Atletas e mães: A dificuldade de conciliação entre esporte e maternidade

A maternidade em atletas sempre foi um dos principais pontos para interrupções em carreiras de sucesso. Hoje, muitas mães-atletas conseguem dar a volta por cima e retornar ao alto nível

Por: Allan Gavioli, Guilherme Campos, Marcos Santos, Paulo Galvão, Rodrigo Freire.

Ser mãe no Brasil pode significar abrir mão de muitas coisas e dedicar a maior parte de seu tempo para cuidar de filhos. De acordo com o IBGE, 5,5 milhões de famílias são chefiadas apenas por mulheres. Entre as mulheres atletas, a tarefa de conciliar maternidade e trabalho pode ser um desafio ainda maior.

A quantidade de treinos necessário para se tornar um atleta em nível profissional pode ser extenuante, e esse papel se torna cada vez mais difícil ao se aproximar da maternidade. Rotinas exaustivas de treino colocam essas mulheres em posições extremamente difíceis de conciliação e muitas delas acabam abrindo mão do esporte para se tornarem mães. No time Vôlei da Nestlé, por exemplo, apenas três atletas conseguiram conciliar a vida corrida de atleta com a mais corrida ainda de ser mãe, e esse número se torna ainda menor em esportes de destaque, como o futebol e o tênis, onde a visibilidade social interfere de forma direta na decisão das atletas de serem mães ou até mesmo dão forças para voltar.

Foi isso que aconteceu com a paulista Maureen Maggi, que tem uma filha de 14 anos e teve de abrir mão da carreira de atleta por um ano. Maureen foi campeã olímpica de salto a distância em 2008 e foi afastada quando ficou grávida, teve todo tempo do mundo para se dedicar a sua filha Sophia e retornou ao esporte olímpico.

Do outro lado da moeda, a jovem Thainá Simon, 23, ainda não tem filhos e figura em uma modalidade pouco conhecida no meio dos esportes. Ela é campeã paulista e brasileira de DHS (Downhill Slide), onde usa como instrumento um skate comprido de rodas grandes e uma ladeira de asfalto bem fresco e uniforme.

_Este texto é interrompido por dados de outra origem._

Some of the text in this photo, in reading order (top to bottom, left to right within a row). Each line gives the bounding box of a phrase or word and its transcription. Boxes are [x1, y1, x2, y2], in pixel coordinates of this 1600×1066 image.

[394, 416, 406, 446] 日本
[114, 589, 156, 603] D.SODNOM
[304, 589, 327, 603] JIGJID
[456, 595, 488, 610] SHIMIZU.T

A Factual900, entrevistou a skatista para saber o que ela pensa sobre esse assunto:

Factual900: Você pensa que a carreira de atleta pode influenciar na sua decisão de ter filhos?

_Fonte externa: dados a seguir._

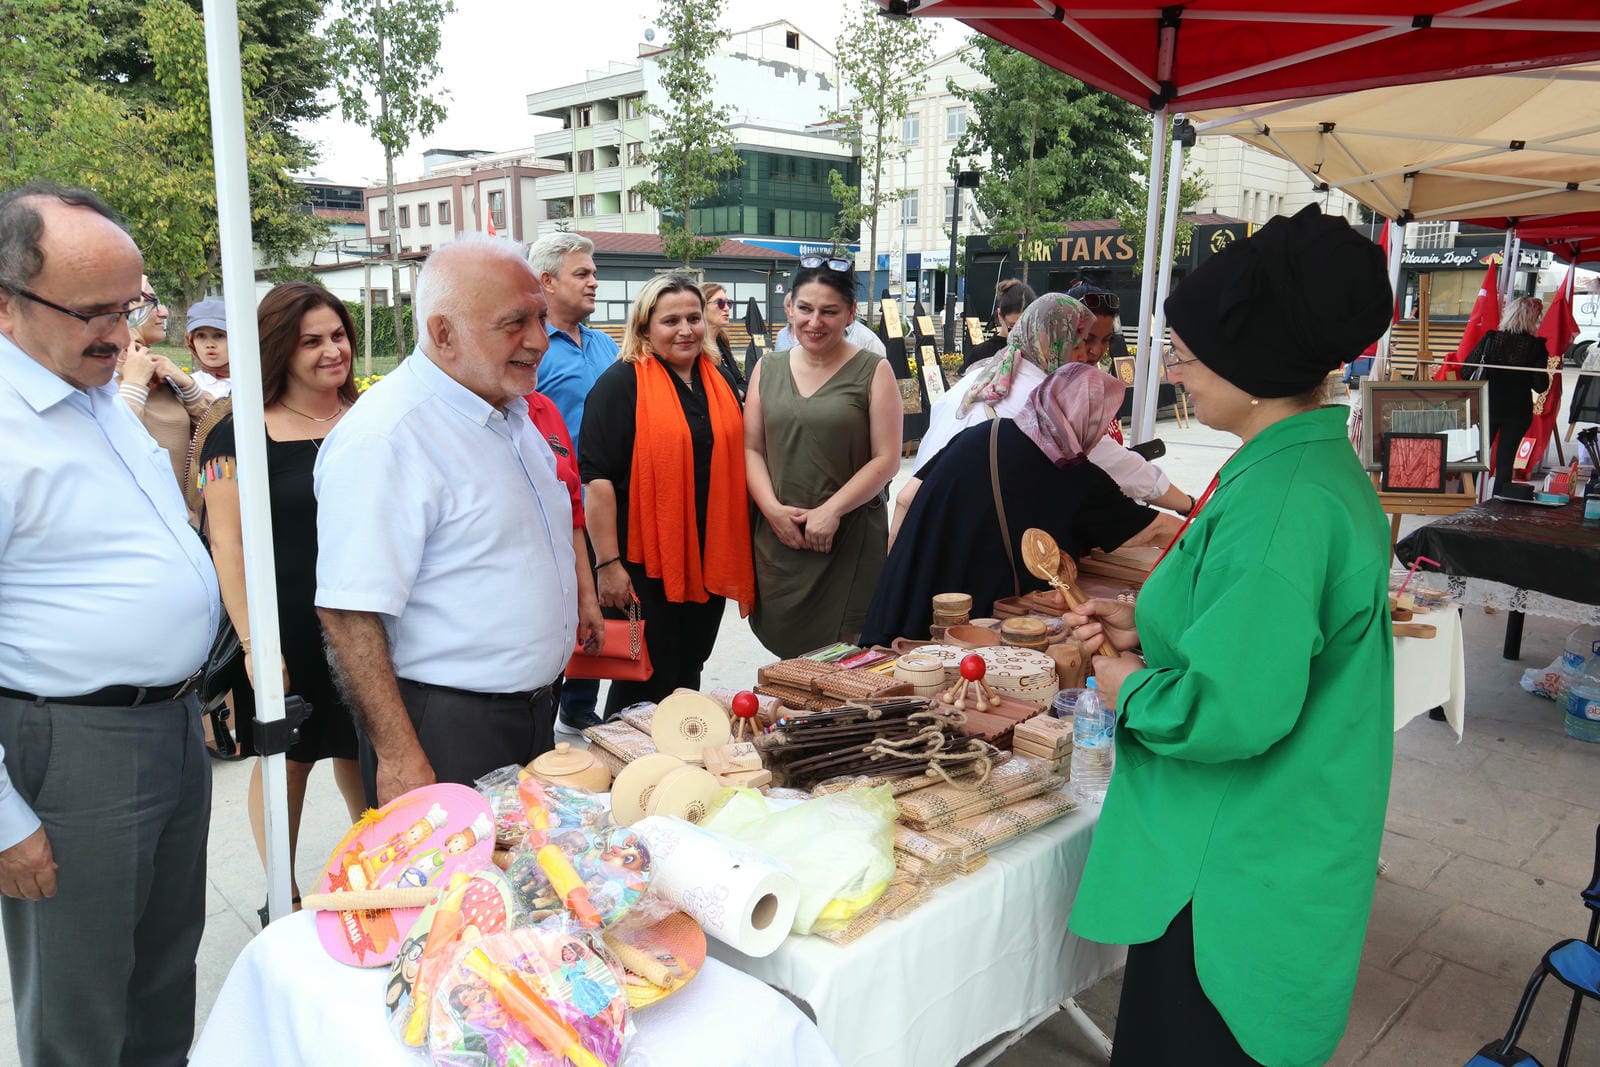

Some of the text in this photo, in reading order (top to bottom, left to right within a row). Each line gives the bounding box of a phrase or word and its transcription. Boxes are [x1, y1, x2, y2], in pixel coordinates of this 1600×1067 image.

[807, 246, 836, 256] HALKB
[1057, 236, 1138, 262] TAKS
[1401, 250, 1473, 267] Vitamin Depo

Thainá: Não, eu não acho que a carreira de atleta pode influenciar na minha decisão de ter filhos. No momento não quero ter filhos, mas se eu quisesse teria independente da minha carreira de atleta ou não. Acredito que não necessariamente tenha que interferir em algo.Na minha modalidade em específico se você perder um, dois ou até mais campeonatos em um ano a sua pontuação geral se mantém e é zerada no ano seguinte, assim como todas as outras atletas desta modalidade. Isso ocorre pois ainda não competimos em uma modalidade olímpica e oficial, os campeonatos são pequenos e na maioria das vezes regionais.

Reprodução: Instagram

F: Com uma eventual maternidade você se preocupa em perder espaço no esporte?

Thainá: Muito pelo contrário, acredito que uma mãe que leva seus filhos para campeonatos de skate passa uma visão muito bacana. Acho que até ganharia espaço, uma mãe skatista que leva seus filhos para competições chama muito mais atenção do que alguém que não leva ninguém. A família é muito importante no esporte, você pode ver que a maioria dos atletas possuem acompanhamento psicológico, e mesmo assim, muitos deles levam as suas famílias para as competições, então é algo que influência muito.

F: No esporte, você já viu alguém perder espaço por conta da maternidade?

Thainá: Na minha modalidade isso não ocorre, graças a Deus. Se eu tiver um filho em quanto estou competindo, consigo bloquear meus pontos com a CBSK (confederação brasileira de skate) e ver se no ano seguinte consigo reaproveitá-los. Se eu tiver um filho, terei que parar de qualquer jeito de correr campeonato para cuidar da maternidade e dos meus filhos, mas mesmo assim posso continuar frequentando as competições e dando auxílio a outras competidoras que estão começando e posso ir nos eventos esportivos tranquilamente. A minha chefa Tiz Bertoni ficou grávida e competiu até o 7 mês de gravidez, ou seja, depende da mulher. Eu seria igual a Tiz, continuaria treinando até onde desse.

Thainá tem o privilégio que muitas mulheres não tem, sua modalidade no esporte respeita as mães atletas e estabelecem condições mais justas de trabalho. Muitas sofrem e tem de abandonar toda sua carreira para cuidar de seus filhos, esperamos que isso evolua ao longo dos anos e todas as atletas possam desfrutar da beleza da maternidade.